Materials provided

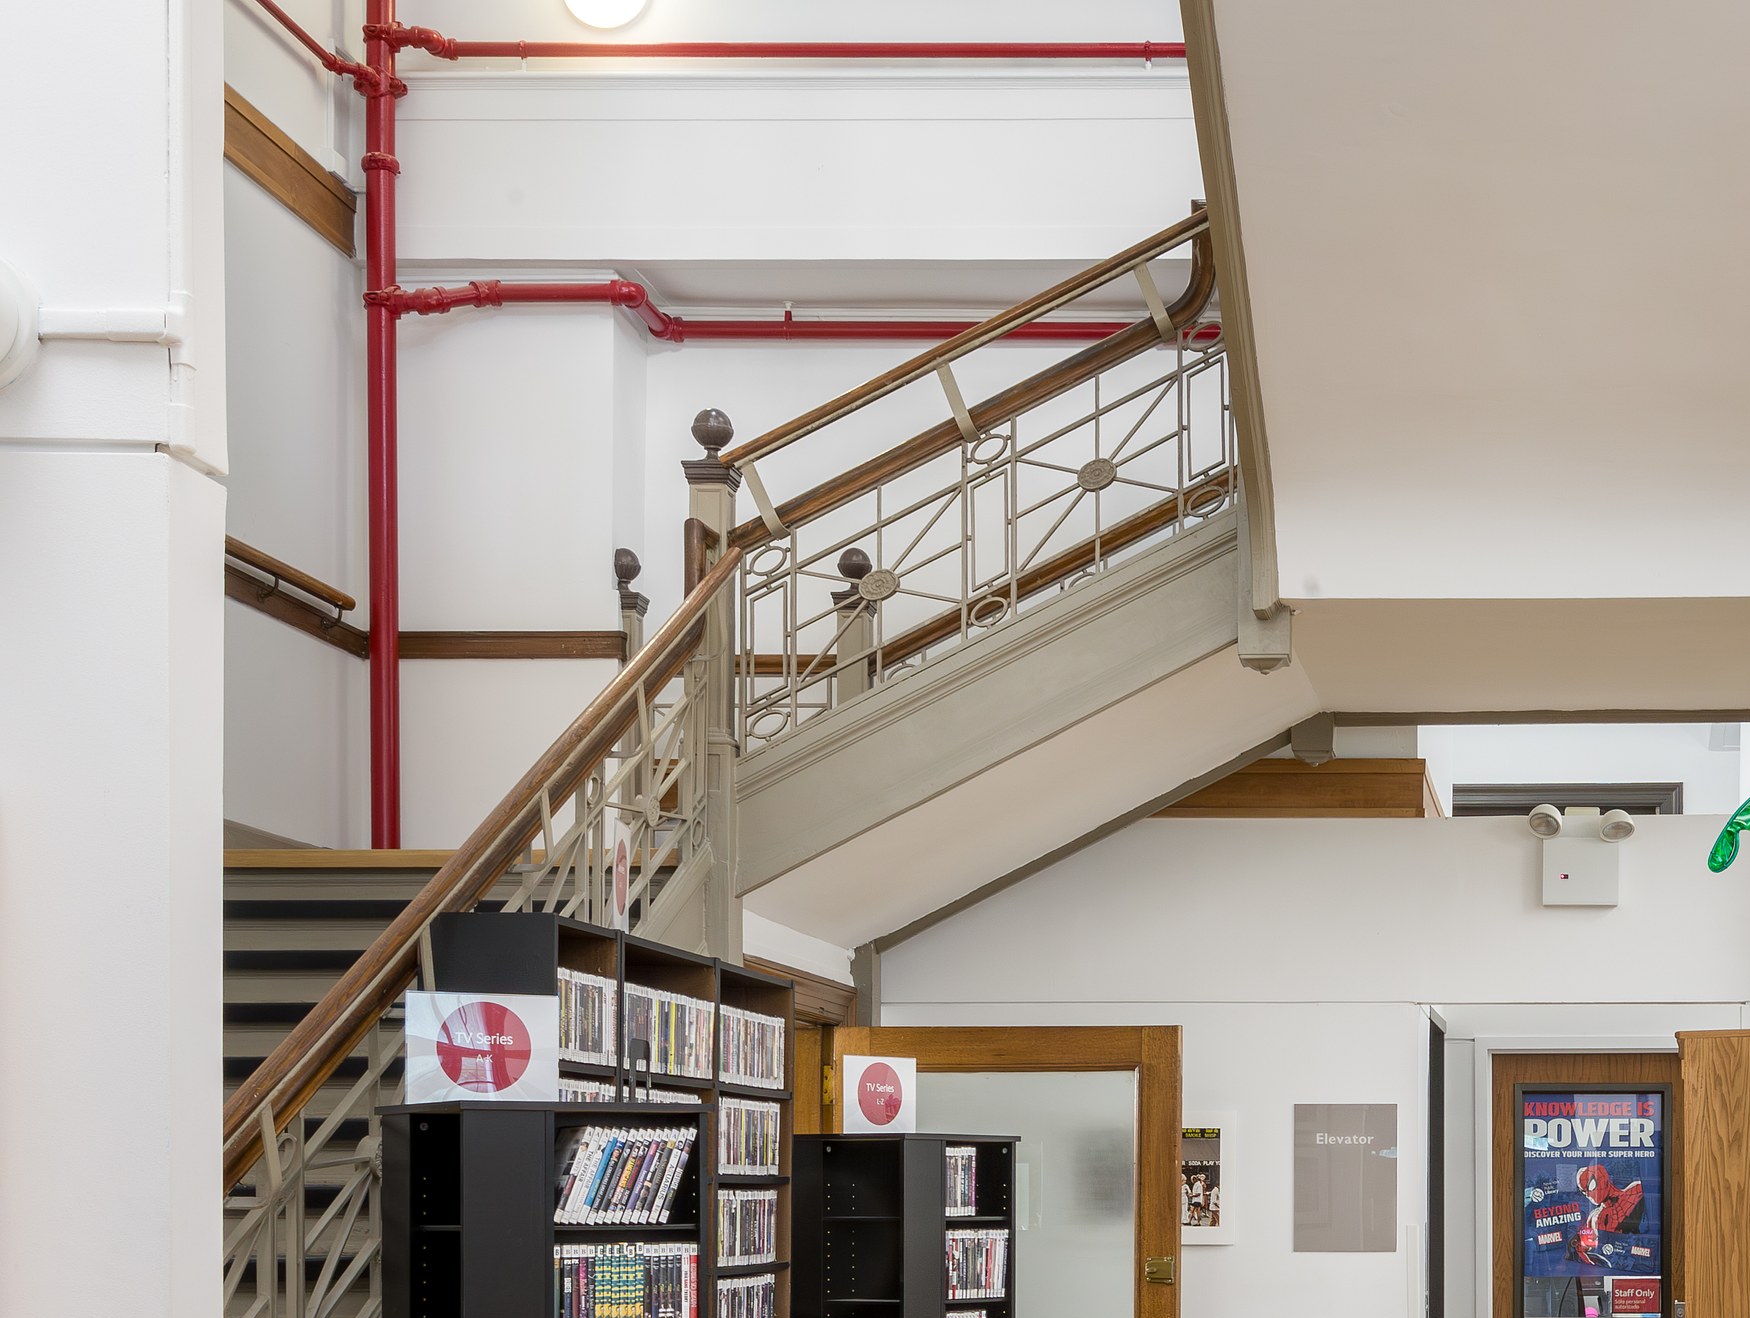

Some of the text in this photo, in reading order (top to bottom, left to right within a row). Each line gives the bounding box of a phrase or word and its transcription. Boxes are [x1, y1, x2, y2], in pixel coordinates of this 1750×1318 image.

[455, 1032, 513, 1045] TV Series
[476, 1054, 493, 1064] A-K
[866, 1083, 895, 1093] TV Series
[1524, 1102, 1655, 1116] KNOWLEDGE IS
[1316, 1133, 1374, 1145] Elevator
[1524, 1118, 1655, 1148] POWER
[1534, 1202, 1580, 1219] BEYOND
[1536, 1212, 1582, 1228] AMAZING
[1538, 1232, 1562, 1245] MARVEL
[1631, 1246, 1651, 1257] MARVEL
[1614, 1288, 1655, 1299] Staff Only

Task instructions
Give the data again exactly as written, with no pictures included.

Your response
Some of the text in this photo, in reading order (top to bottom, left to right within a row). Each line gives the bounding box of a phrase or word and its transcription. Boxes are [x1, y1, x2, y2], in pixel coordinates of this 1750×1318 image.

[455, 1032, 513, 1045] TV Series
[476, 1054, 493, 1064] A-K
[866, 1083, 895, 1093] TV Series
[1524, 1102, 1655, 1116] KNOWLEDGE IS
[1316, 1133, 1374, 1145] Elevator
[1524, 1118, 1655, 1148] POWER
[1534, 1202, 1580, 1219] BEYOND
[1536, 1212, 1582, 1228] AMAZING
[1538, 1232, 1562, 1245] MARVEL
[1631, 1246, 1651, 1257] MARVEL
[1614, 1288, 1655, 1299] Staff Only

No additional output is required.